ACTION ITEM
Your task is to reproduce exactly the lines from the line with "this 2024×1610 image." through the end of the records below.

━━ GIVEN ENTRIES ━━

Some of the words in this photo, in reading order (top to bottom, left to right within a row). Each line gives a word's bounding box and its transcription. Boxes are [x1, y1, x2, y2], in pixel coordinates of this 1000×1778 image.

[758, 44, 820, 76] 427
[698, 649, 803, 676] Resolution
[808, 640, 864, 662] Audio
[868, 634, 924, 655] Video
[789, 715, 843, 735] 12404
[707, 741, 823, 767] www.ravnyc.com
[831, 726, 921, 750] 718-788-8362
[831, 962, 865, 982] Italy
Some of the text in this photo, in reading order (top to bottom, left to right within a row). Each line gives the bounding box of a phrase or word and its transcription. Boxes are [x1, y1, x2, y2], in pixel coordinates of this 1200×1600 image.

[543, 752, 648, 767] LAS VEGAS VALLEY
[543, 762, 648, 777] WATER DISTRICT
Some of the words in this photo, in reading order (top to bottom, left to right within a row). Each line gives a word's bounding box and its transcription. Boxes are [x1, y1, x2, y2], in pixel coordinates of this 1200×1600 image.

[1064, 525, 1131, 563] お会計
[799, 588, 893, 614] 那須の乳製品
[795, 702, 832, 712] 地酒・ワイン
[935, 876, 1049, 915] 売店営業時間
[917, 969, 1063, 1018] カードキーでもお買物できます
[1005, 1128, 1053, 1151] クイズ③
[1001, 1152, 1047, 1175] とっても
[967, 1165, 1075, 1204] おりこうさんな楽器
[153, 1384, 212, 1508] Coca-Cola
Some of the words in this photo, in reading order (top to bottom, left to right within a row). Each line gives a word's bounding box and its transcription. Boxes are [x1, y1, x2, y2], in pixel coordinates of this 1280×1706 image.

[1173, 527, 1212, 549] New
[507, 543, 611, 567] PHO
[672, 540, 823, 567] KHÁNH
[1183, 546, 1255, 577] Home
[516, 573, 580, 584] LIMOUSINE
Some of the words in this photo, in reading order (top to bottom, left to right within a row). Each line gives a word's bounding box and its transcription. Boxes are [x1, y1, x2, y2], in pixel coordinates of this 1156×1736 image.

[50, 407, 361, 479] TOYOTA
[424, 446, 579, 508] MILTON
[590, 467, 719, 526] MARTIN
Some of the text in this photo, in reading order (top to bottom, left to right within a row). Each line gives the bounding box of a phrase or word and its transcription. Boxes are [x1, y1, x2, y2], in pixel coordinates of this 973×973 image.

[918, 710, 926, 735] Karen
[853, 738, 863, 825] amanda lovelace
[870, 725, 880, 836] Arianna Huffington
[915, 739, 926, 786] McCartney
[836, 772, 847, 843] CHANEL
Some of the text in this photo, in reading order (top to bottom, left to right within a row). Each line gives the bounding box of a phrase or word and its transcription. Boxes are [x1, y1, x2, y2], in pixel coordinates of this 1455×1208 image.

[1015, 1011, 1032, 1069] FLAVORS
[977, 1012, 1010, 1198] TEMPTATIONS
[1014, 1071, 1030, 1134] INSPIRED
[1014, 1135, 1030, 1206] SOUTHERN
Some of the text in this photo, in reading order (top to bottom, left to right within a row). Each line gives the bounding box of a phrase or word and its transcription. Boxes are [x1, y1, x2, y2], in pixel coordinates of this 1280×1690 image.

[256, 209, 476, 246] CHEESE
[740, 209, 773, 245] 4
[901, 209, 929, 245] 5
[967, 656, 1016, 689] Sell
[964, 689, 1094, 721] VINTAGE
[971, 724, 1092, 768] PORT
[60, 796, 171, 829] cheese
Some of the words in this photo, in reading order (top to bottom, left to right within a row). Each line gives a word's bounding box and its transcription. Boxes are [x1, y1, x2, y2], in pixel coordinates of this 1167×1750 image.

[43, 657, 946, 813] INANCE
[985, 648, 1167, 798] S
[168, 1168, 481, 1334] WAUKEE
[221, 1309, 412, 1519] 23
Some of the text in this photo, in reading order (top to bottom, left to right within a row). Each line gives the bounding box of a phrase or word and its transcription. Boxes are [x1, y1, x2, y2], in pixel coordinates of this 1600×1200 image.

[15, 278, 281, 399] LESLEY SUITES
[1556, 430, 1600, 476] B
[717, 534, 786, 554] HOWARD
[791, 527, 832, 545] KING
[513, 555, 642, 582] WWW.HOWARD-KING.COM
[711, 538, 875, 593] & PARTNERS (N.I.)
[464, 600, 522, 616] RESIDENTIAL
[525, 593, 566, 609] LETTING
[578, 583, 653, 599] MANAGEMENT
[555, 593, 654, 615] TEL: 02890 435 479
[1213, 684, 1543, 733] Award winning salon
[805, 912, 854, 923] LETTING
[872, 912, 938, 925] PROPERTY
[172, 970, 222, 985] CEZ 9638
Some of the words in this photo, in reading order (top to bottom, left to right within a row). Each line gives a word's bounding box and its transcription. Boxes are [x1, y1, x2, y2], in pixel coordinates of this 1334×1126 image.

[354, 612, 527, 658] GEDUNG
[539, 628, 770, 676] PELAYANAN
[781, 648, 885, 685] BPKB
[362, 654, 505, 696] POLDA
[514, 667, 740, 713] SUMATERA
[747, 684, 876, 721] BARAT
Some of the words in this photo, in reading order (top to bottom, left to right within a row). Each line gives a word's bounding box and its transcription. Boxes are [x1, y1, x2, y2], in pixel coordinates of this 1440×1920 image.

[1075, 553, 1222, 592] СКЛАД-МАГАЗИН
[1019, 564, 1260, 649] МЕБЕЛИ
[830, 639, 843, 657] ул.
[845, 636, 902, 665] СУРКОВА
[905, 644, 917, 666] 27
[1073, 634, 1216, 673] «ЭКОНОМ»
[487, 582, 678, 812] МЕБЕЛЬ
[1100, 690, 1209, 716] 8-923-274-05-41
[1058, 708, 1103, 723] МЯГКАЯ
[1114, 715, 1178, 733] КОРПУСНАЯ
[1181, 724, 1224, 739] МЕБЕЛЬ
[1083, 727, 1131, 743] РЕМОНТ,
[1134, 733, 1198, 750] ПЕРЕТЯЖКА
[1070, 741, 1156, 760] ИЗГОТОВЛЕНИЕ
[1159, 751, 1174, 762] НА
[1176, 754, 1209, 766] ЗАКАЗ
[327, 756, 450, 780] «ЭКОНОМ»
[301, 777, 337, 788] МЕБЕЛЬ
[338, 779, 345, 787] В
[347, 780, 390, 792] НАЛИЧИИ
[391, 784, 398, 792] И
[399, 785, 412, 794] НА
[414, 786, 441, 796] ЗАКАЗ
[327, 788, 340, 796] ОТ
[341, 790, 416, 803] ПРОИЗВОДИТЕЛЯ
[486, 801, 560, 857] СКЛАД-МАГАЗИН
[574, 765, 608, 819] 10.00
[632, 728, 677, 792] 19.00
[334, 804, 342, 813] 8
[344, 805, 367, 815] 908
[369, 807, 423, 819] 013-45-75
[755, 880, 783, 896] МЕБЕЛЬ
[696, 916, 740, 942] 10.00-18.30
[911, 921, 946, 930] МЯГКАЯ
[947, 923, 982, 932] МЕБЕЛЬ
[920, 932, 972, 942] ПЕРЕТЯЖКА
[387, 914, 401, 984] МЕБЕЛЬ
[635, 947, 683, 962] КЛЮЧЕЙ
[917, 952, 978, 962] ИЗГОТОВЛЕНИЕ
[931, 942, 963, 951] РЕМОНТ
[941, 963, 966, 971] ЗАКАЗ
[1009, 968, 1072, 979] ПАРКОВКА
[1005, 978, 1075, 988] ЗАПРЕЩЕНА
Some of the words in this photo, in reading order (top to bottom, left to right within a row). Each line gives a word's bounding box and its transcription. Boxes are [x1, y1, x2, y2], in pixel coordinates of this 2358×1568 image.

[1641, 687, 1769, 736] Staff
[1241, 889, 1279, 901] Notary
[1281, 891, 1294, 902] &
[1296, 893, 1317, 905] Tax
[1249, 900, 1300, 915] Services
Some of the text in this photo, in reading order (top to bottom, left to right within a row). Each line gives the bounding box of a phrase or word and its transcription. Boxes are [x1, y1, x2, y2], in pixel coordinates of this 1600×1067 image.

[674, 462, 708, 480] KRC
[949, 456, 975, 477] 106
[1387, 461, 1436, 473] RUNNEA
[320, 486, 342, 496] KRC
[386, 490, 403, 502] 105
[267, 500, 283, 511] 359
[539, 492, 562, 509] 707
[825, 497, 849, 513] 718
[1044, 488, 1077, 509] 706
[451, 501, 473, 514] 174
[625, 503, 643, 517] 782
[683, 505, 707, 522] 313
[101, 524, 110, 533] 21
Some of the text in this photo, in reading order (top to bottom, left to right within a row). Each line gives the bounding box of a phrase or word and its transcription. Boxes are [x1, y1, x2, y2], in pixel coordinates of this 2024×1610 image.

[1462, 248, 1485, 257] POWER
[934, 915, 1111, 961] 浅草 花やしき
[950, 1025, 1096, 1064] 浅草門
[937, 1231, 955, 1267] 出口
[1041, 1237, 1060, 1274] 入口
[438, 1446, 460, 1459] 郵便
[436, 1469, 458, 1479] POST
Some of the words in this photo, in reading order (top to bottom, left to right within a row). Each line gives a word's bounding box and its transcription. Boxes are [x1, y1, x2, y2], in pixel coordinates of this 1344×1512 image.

━━━

RESULT OF THE EXERCISE
Some of the text in this photo, in reading order (top to bottom, left to right within a row). Each line gives the bounding box of a phrase or word and its transcription. Boxes are [x1, y1, x2, y2], in pixel coordinates of this 2024×1610 image.

[1462, 248, 1485, 257] POWER
[934, 915, 1111, 961] 浅草 花やしき
[950, 1025, 1096, 1064] 浅草門
[937, 1231, 955, 1267] 出口
[1041, 1237, 1060, 1274] 入口
[438, 1446, 460, 1459] 郵便
[436, 1469, 458, 1479] POST
Some of the words in this photo, in reading order (top to bottom, left to right within a row). Each line gives a word's bounding box and its transcription. Boxes are [x1, y1, x2, y2], in pixel coordinates of this 1344×1512 image.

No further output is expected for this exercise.